By Johan Scheepers, Commvault Systems Engineering Director for MESAT
In the past few years there has been much hype around Big Data and why organisations need to harness and analyse it in order to deliver business value and overall success. Big Data initiatives are on the rise as enterprises strive to increase efficiency, improve business decision making and attain that important competitive edge. Despite the importance of Big Data to business, however, it is often the case that systems put into place to protect it are completely inadequate. This is due to the complexity of designing and developing solutions to support such large data sets at a cost that fits in with IT budgets.
However, inadequate data protection on what is fast becoming a mission critical asset introduces unacceptable levels of risk. Organisations need to adopt data protection and management that is Big Data aware, so that automated disaster recovery and enhanced visibility can be applied unilaterally across all data sources and platforms. In addition, solid protection and recovery solutions help businesses to fully realise the power of Big Data initiatives, further enabling increased efficiency and enhanced decision-making through advanced analytics and improved innovation. Here are five key considerations for businesses to ensure that their Big Data enjoys the same level of protection as all of their other enterprise data volumes.

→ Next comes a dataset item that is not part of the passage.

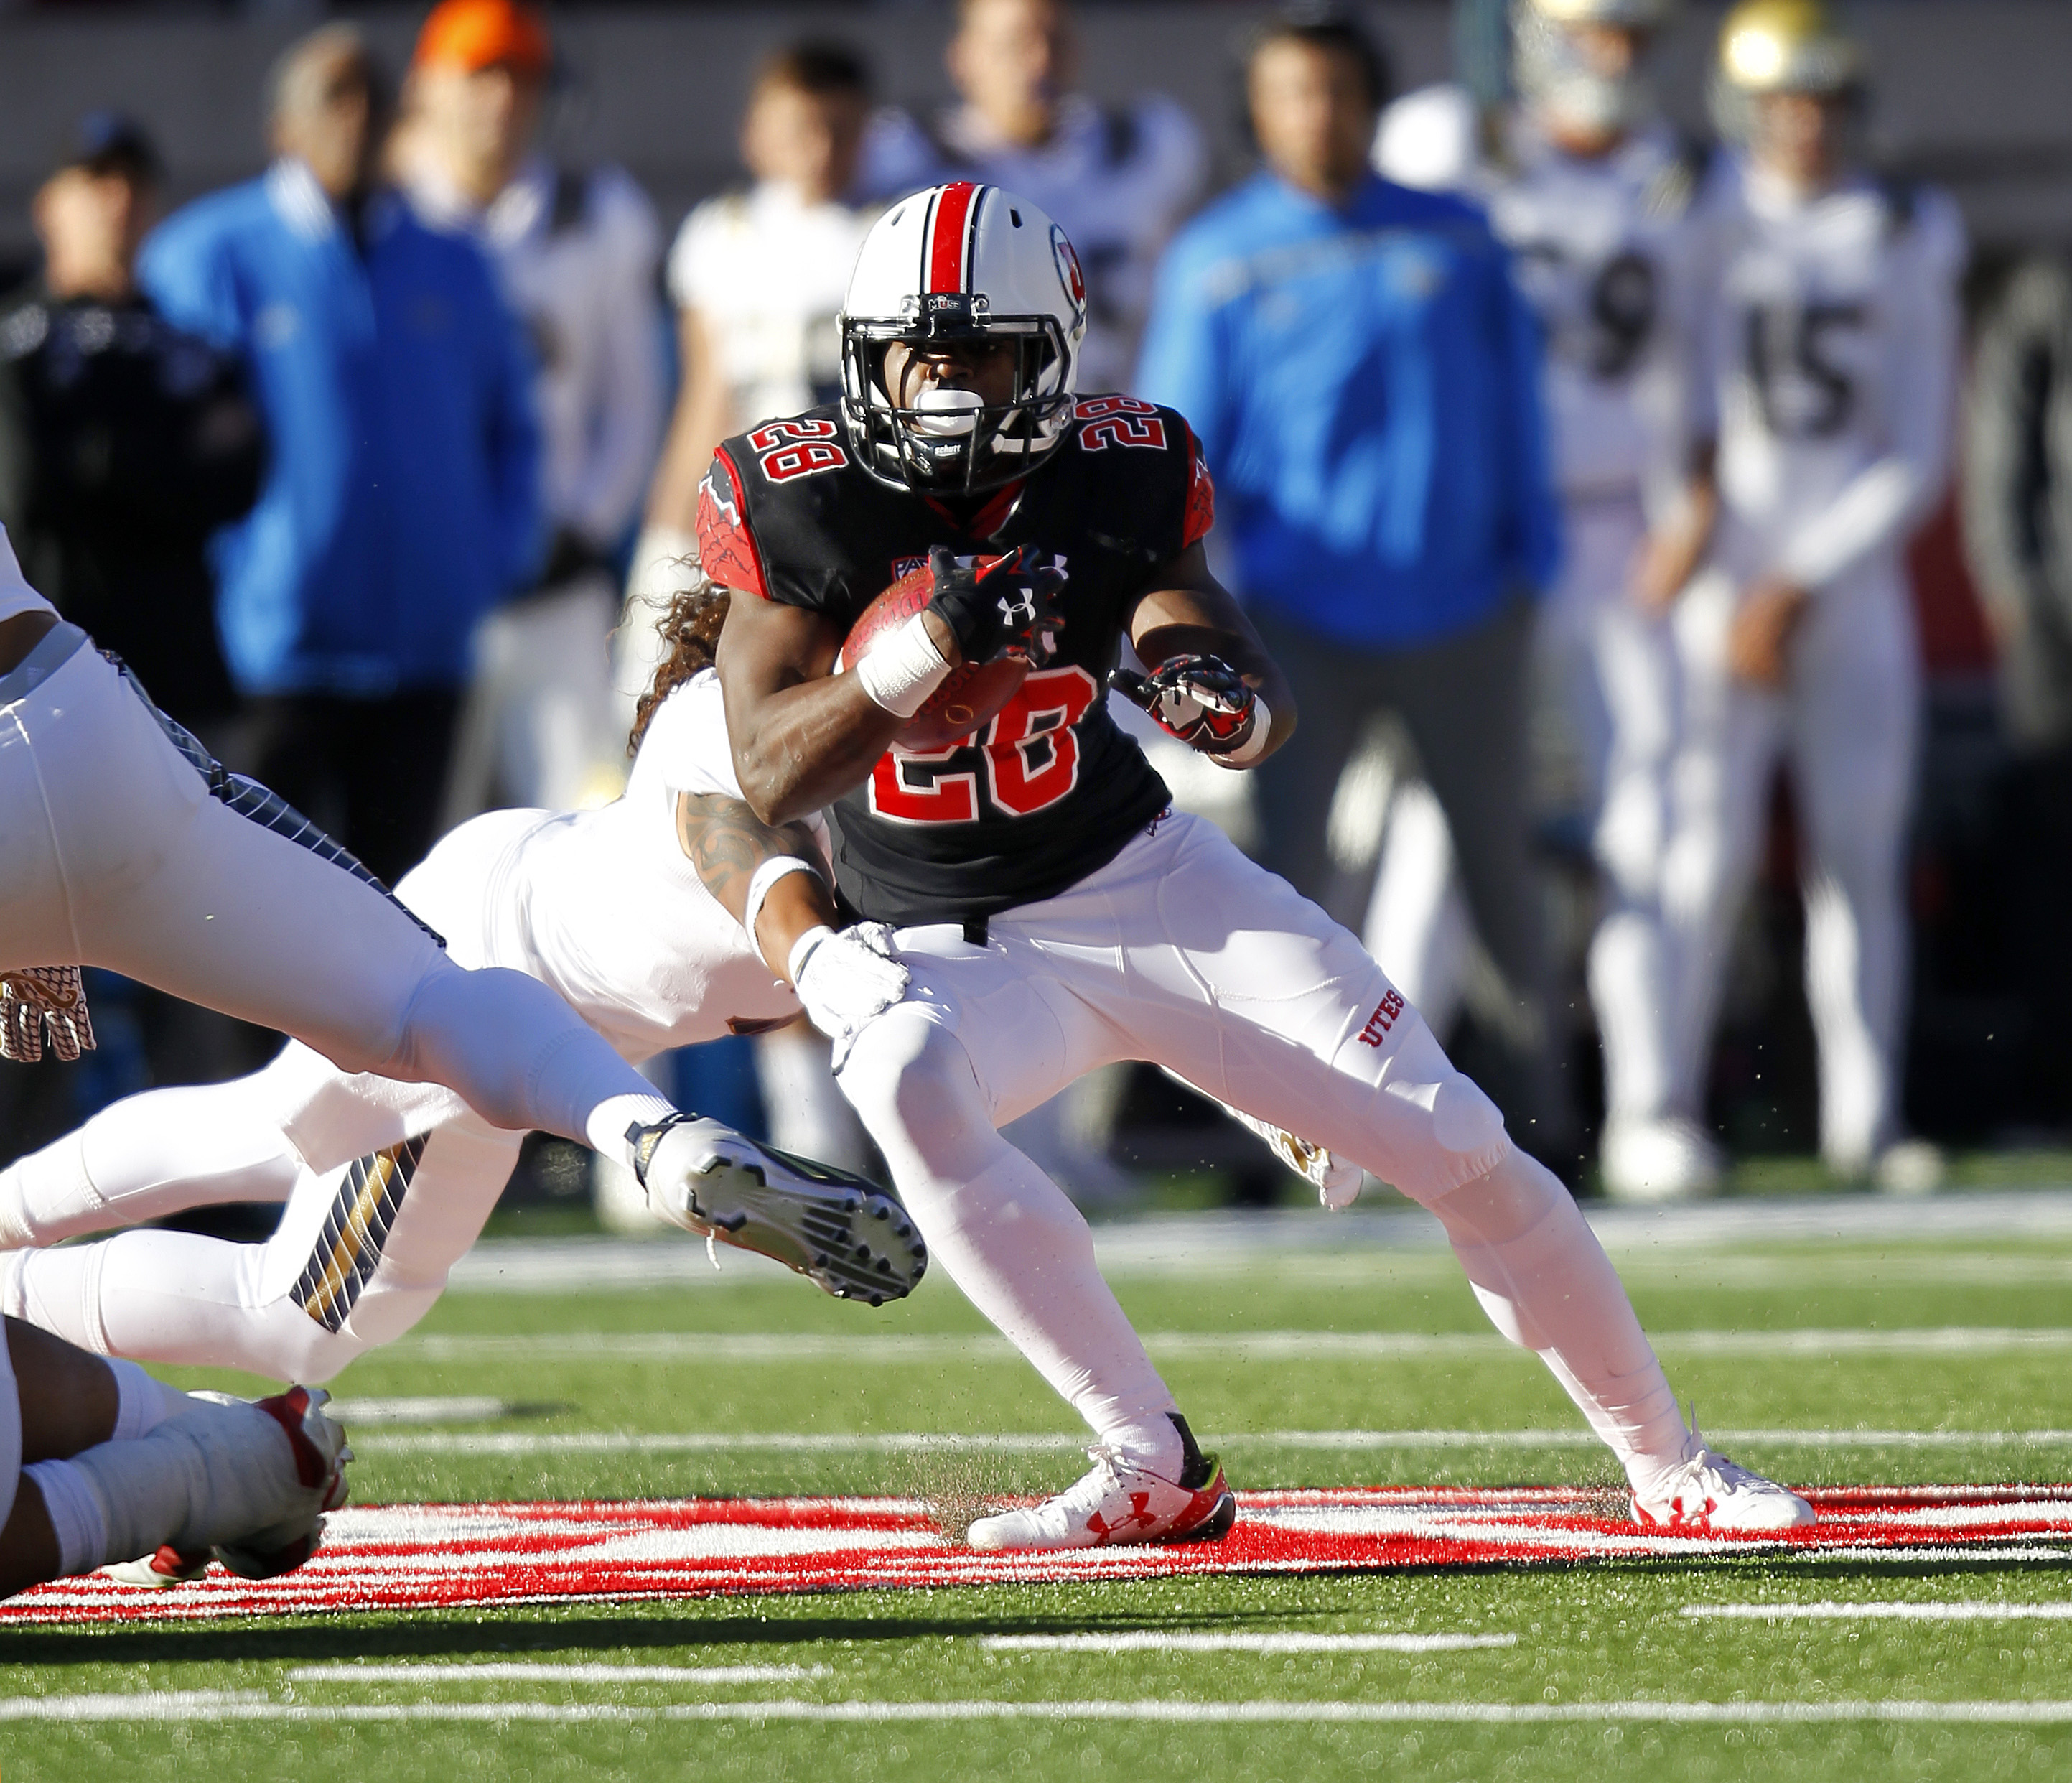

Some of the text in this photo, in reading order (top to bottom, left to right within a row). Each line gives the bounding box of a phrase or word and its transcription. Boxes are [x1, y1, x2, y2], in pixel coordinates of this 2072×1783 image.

[747, 419, 849, 484] 28
[1073, 396, 1167, 451] 28
[867, 664, 1098, 824] 28
[1358, 989, 1404, 1048] UTES

1. Unstructured data is growing exponentially
Unstructured data from a variety of sources, including social media and videos, can contain valuable customer intelligence if it is effectively managed and protected. This data is growing at an exponential rate, and analyst firm IDC estimates that by 2020 there will be as much as 44.1 zettabytes of unstructured data. Despite this growth and the understood importance of Big Data, multiple surveys show that the majority of organisations still place greater value on protecting their structured data sources, and many do not even have unstructured data on the radar. In order to achieve effective information governance, it is essential that data management solutions can incorporate Big Data. This means that they need to easily accommodate large volumes of unstructured data from many sources to ensure the comprehensive data protection and recovery business requires.
2. Consider your integration options
Obviously the most economical approach to Big Data protection is to integrate it into existing recovery infrastructure. However, many systems are not capable of providing the required levels of visibility into leading Big Data tools such as Hadoop, Greenplum and GPFS. Effective Big Data awareness means that data protection solutions are able to help organisations map Big Data implementations and architectures. This in turn is essential in delivering the required insight to ensure protection and recovery as a whole, or across selected nodes, components, and/or data sets.

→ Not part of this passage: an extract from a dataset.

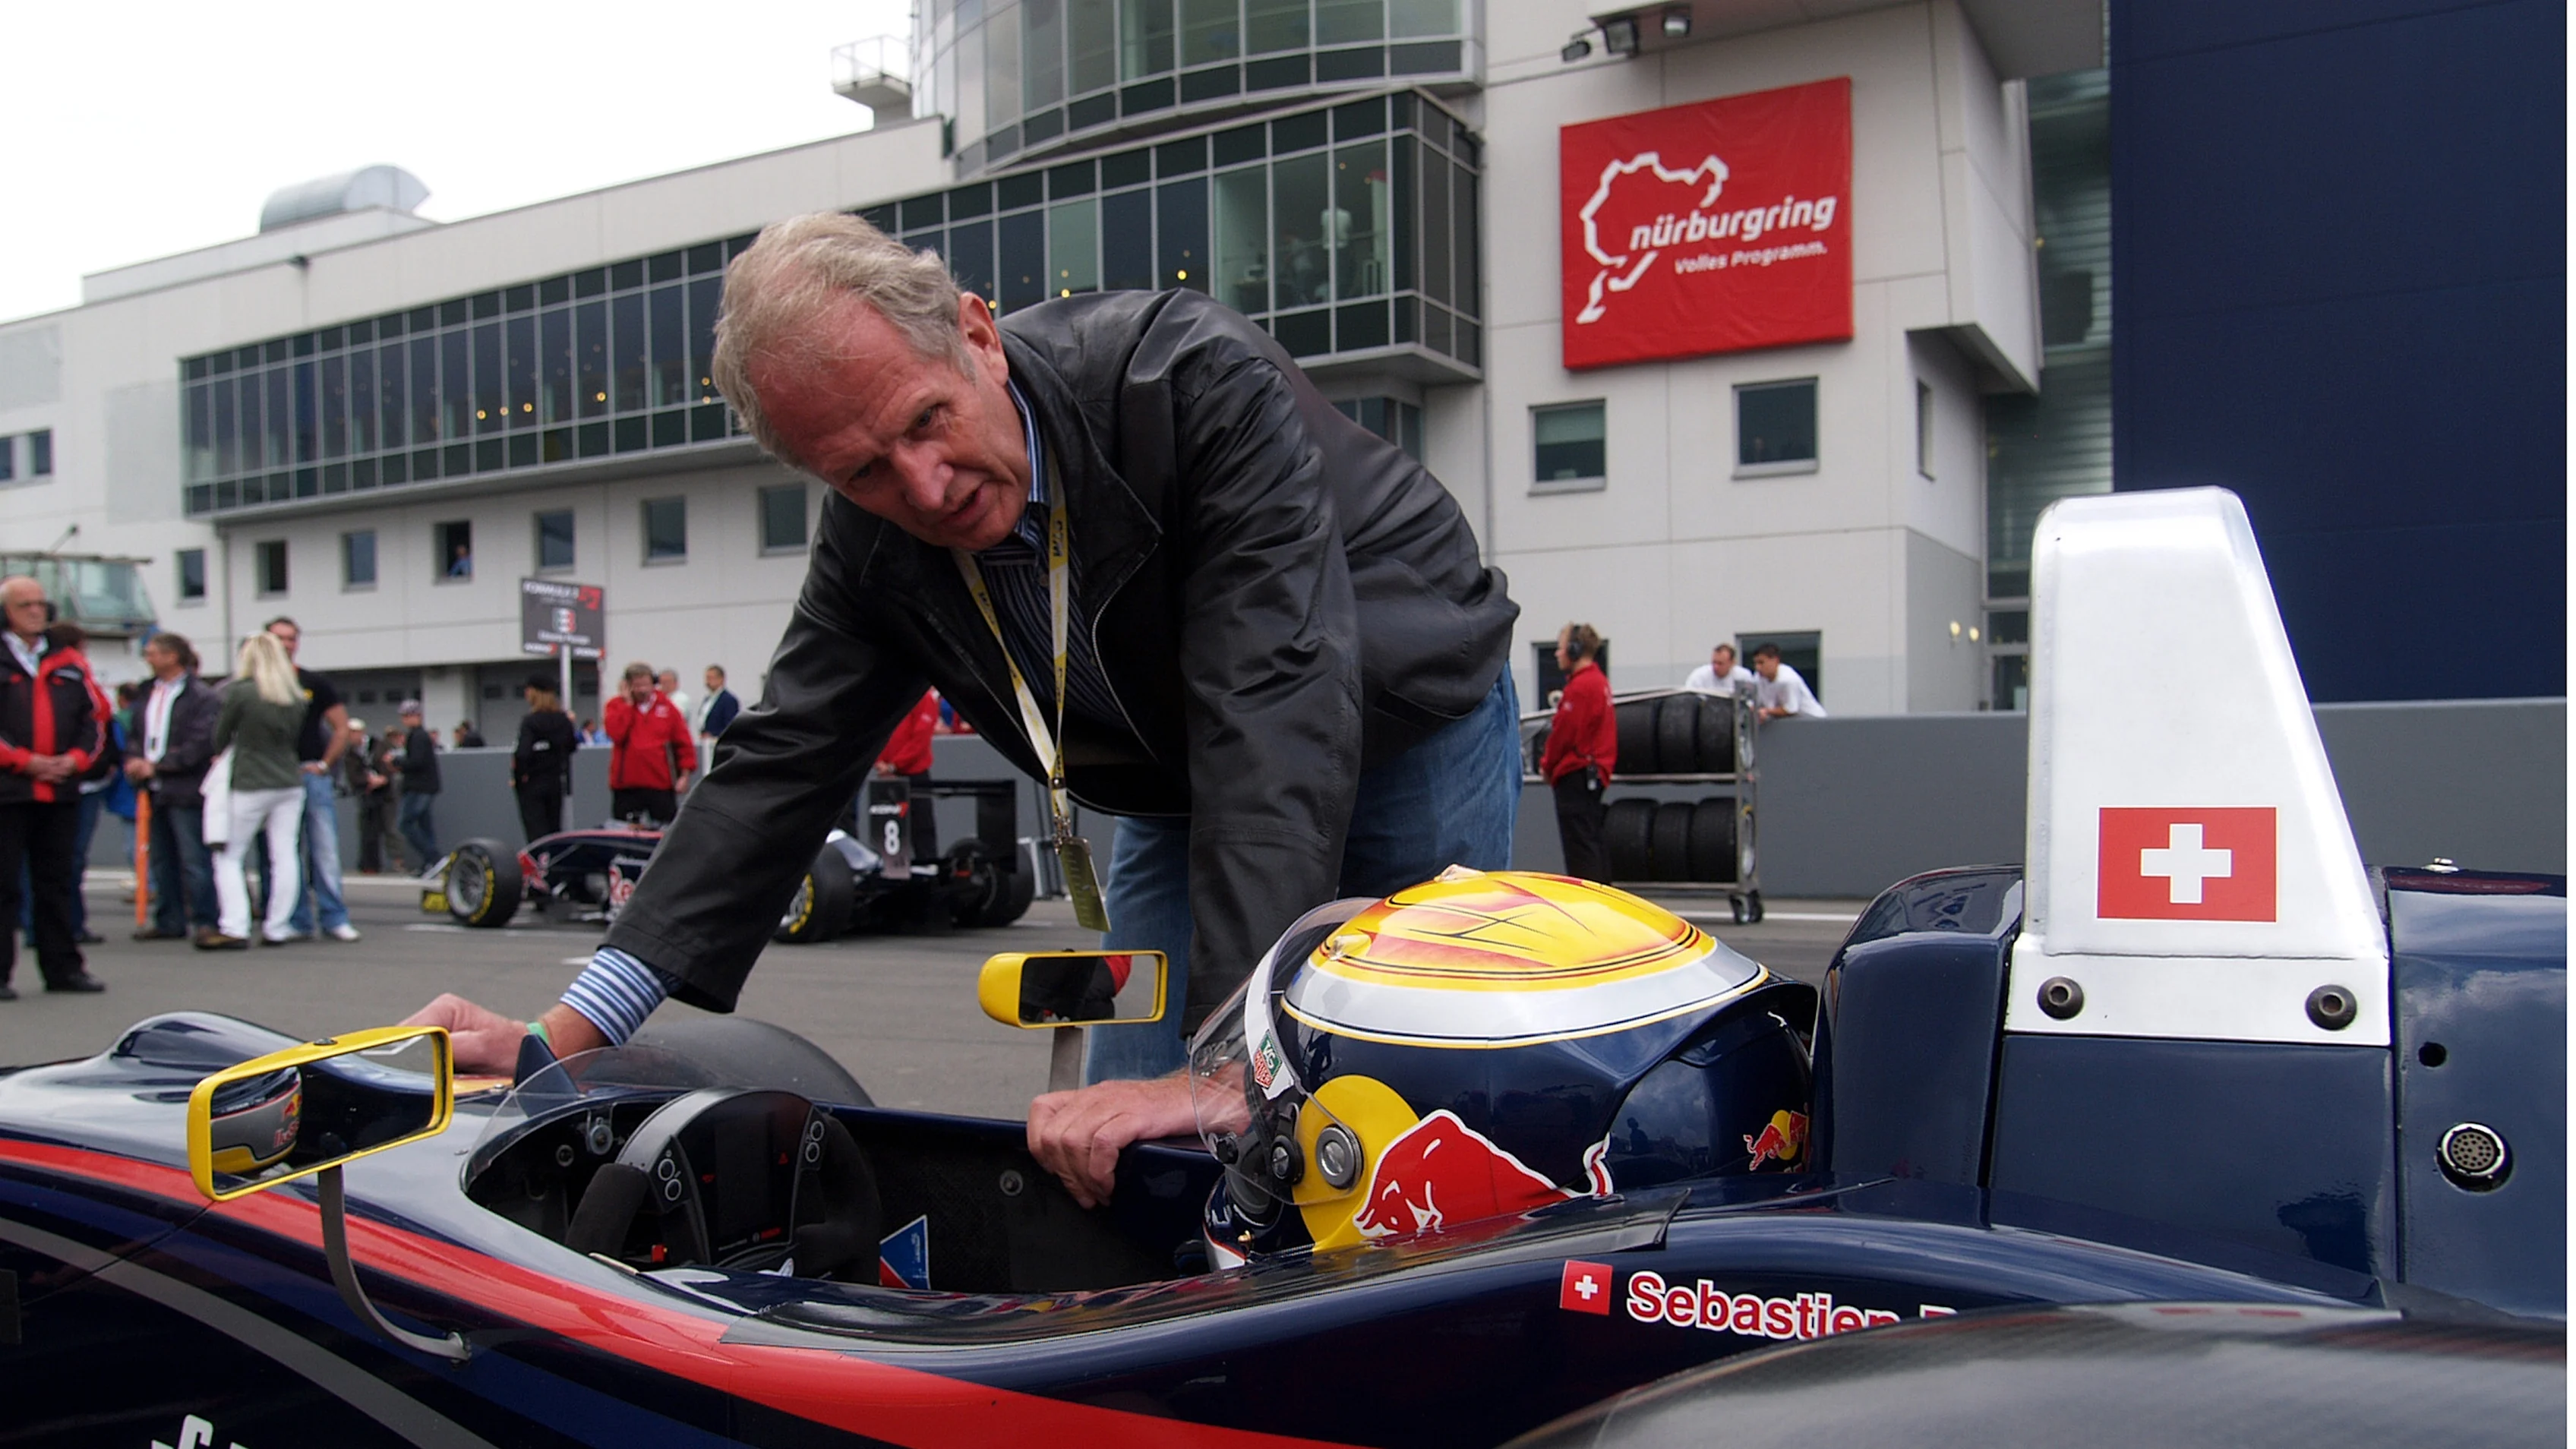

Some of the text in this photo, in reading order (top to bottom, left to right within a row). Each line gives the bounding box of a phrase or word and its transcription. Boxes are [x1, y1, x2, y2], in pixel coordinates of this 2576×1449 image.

[1629, 195, 1837, 251] nürburgring
[1675, 240, 1828, 274] Volles Programm.
[884, 819, 901, 856] 8

3. Big Data can be a security and compliance risk
Unstructured data is not just social media, but includes textual data as well. It comes from a plethora of different sources, including email, PowerPoint presentations, Word documents, collaboration software, instant messages and more. When these vast and ever-growing data sets are added to the volumes of structured and analytical data used to derive business insight, the complexity increases. The result is frequently a multi-structured mess that introduces risk across security and compliance. In order to address this challenge, organisations need a sophisticated converged backup and archive process. This will assure Big Data recoverability as well as discovery, without adding complexity or heavy resource overheads.
4. Disaster recovery needs to be automated
Human error that results from manual disaster recovery processes introduces risk. This risk is multiplied when it comes to Big Data, thanks to the volumes of data and complexity involved as well as the many sources and repositories of Big Data and other organisational data. In order to ensure adequate protection, organisations need an intelligent approach to protecting the infrastructure of Big Data initiatives. This requires the ability to automate disaster recovery for these multi-node systems. In addition, organisations need to look for solutions that do not permit all users to have all access. A single user interface for setting rules and policies across any combination of physical, virtual, cloud and Big Data environments is essential. This ensures more efficient and reliable data management and disaster recovery.
5. Data portability is key
Big Data can originate from and reside in multiple infrastructure options, including cloud, on premises, in virtualised solutions or traditional data storage – or any combination of these. For the most effective and useful backup and recovery, data needs to be portable across infrastructure, regardless of its origin. This delivers the required levels of agility to avoid vendor lock in – essential to ensure organisations have the agility they need to leverage new innovations and developments with ease.
Big Data needs to be top of the data protection and recovery agenda
Big Data is immensely valuable for business intelligence, advanced analytics and technological innovation, and its value will only continue to grow. Organisations need to ensure that their IT protection, compliance, security and recovery reflects this value. However, Big Data does not override regular, structured business data. Organisations still need to ensure that their traditional disaster recovery plans and solutions are tested and effective. Dealing with Big Data requires business to carefully examine overall data protection and recovery infrastructure to ensure readiness for Big Data as well as protection of regular data assets.